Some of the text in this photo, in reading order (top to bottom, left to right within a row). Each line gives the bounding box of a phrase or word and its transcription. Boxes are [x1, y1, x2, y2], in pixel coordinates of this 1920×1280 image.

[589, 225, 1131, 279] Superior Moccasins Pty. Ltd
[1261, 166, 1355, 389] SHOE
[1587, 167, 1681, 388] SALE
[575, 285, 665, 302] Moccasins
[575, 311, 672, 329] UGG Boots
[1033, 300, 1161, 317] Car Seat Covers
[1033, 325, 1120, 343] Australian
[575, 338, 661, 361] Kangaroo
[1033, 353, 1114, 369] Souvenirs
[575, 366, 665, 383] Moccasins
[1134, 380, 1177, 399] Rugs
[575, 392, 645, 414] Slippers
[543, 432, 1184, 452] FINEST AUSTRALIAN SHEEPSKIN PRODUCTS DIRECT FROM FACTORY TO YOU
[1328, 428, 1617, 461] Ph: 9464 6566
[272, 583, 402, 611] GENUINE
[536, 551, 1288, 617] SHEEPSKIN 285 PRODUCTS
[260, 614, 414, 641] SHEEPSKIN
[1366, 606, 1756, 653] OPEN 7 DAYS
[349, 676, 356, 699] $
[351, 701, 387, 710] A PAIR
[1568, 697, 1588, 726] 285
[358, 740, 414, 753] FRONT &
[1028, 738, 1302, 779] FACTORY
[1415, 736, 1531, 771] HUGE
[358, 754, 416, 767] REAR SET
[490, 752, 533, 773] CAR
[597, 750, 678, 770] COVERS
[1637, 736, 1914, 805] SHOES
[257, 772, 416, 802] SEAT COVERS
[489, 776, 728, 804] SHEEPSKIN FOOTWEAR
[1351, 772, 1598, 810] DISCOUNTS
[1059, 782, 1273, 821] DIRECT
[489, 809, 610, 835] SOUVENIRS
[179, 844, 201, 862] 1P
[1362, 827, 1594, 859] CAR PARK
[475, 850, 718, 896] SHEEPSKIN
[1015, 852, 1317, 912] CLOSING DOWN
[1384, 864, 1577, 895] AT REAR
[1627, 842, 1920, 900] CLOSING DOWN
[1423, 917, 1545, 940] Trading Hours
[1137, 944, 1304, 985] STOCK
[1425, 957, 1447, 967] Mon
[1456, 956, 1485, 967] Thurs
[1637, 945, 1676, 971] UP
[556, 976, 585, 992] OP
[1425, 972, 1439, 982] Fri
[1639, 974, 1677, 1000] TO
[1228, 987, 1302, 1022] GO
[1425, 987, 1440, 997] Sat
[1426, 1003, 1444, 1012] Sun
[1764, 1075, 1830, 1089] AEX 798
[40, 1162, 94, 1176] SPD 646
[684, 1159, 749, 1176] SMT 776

━━━━━━━━━━━━━━━━━━━━━━━━━━━━━━

-- THE PROBLEM --
Please retype all of the records, keeping each line exactly as it is.

-- RESULT OF THIS TASK --
Some of the text in this photo, in reading order (top to bottom, left to right within a row). Each line gives the bounding box of a phrase or word and its transcription. Boxes are [x1, y1, x2, y2], in pixel coordinates of this 1920×1280 image.

[589, 225, 1131, 279] Superior Moccasins Pty. Ltd
[1261, 166, 1355, 389] SHOE
[1587, 167, 1681, 388] SALE
[575, 285, 665, 302] Moccasins
[575, 311, 672, 329] UGG Boots
[1033, 300, 1161, 317] Car Seat Covers
[1033, 325, 1120, 343] Australian
[575, 338, 661, 361] Kangaroo
[1033, 353, 1114, 369] Souvenirs
[575, 366, 665, 383] Moccasins
[1134, 380, 1177, 399] Rugs
[575, 392, 645, 414] Slippers
[543, 432, 1184, 452] FINEST AUSTRALIAN SHEEPSKIN PRODUCTS DIRECT FROM FACTORY TO YOU
[1328, 428, 1617, 461] Ph: 9464 6566
[272, 583, 402, 611] GENUINE
[536, 551, 1288, 617] SHEEPSKIN 285 PRODUCTS
[260, 614, 414, 641] SHEEPSKIN
[1366, 606, 1756, 653] OPEN 7 DAYS
[349, 676, 356, 699] $
[351, 701, 387, 710] A PAIR
[1568, 697, 1588, 726] 285
[358, 740, 414, 753] FRONT &
[1028, 738, 1302, 779] FACTORY
[1415, 736, 1531, 771] HUGE
[358, 754, 416, 767] REAR SET
[490, 752, 533, 773] CAR
[597, 750, 678, 770] COVERS
[1637, 736, 1914, 805] SHOES
[257, 772, 416, 802] SEAT COVERS
[489, 776, 728, 804] SHEEPSKIN FOOTWEAR
[1351, 772, 1598, 810] DISCOUNTS
[1059, 782, 1273, 821] DIRECT
[489, 809, 610, 835] SOUVENIRS
[179, 844, 201, 862] 1P
[1362, 827, 1594, 859] CAR PARK
[475, 850, 718, 896] SHEEPSKIN
[1015, 852, 1317, 912] CLOSING DOWN
[1384, 864, 1577, 895] AT REAR
[1627, 842, 1920, 900] CLOSING DOWN
[1423, 917, 1545, 940] Trading Hours
[1137, 944, 1304, 985] STOCK
[1425, 957, 1447, 967] Mon
[1456, 956, 1485, 967] Thurs
[1637, 945, 1676, 971] UP
[556, 976, 585, 992] OP
[1425, 972, 1439, 982] Fri
[1639, 974, 1677, 1000] TO
[1228, 987, 1302, 1022] GO
[1425, 987, 1440, 997] Sat
[1426, 1003, 1444, 1012] Sun
[1764, 1075, 1830, 1089] AEX 798
[40, 1162, 94, 1176] SPD 646
[684, 1159, 749, 1176] SMT 776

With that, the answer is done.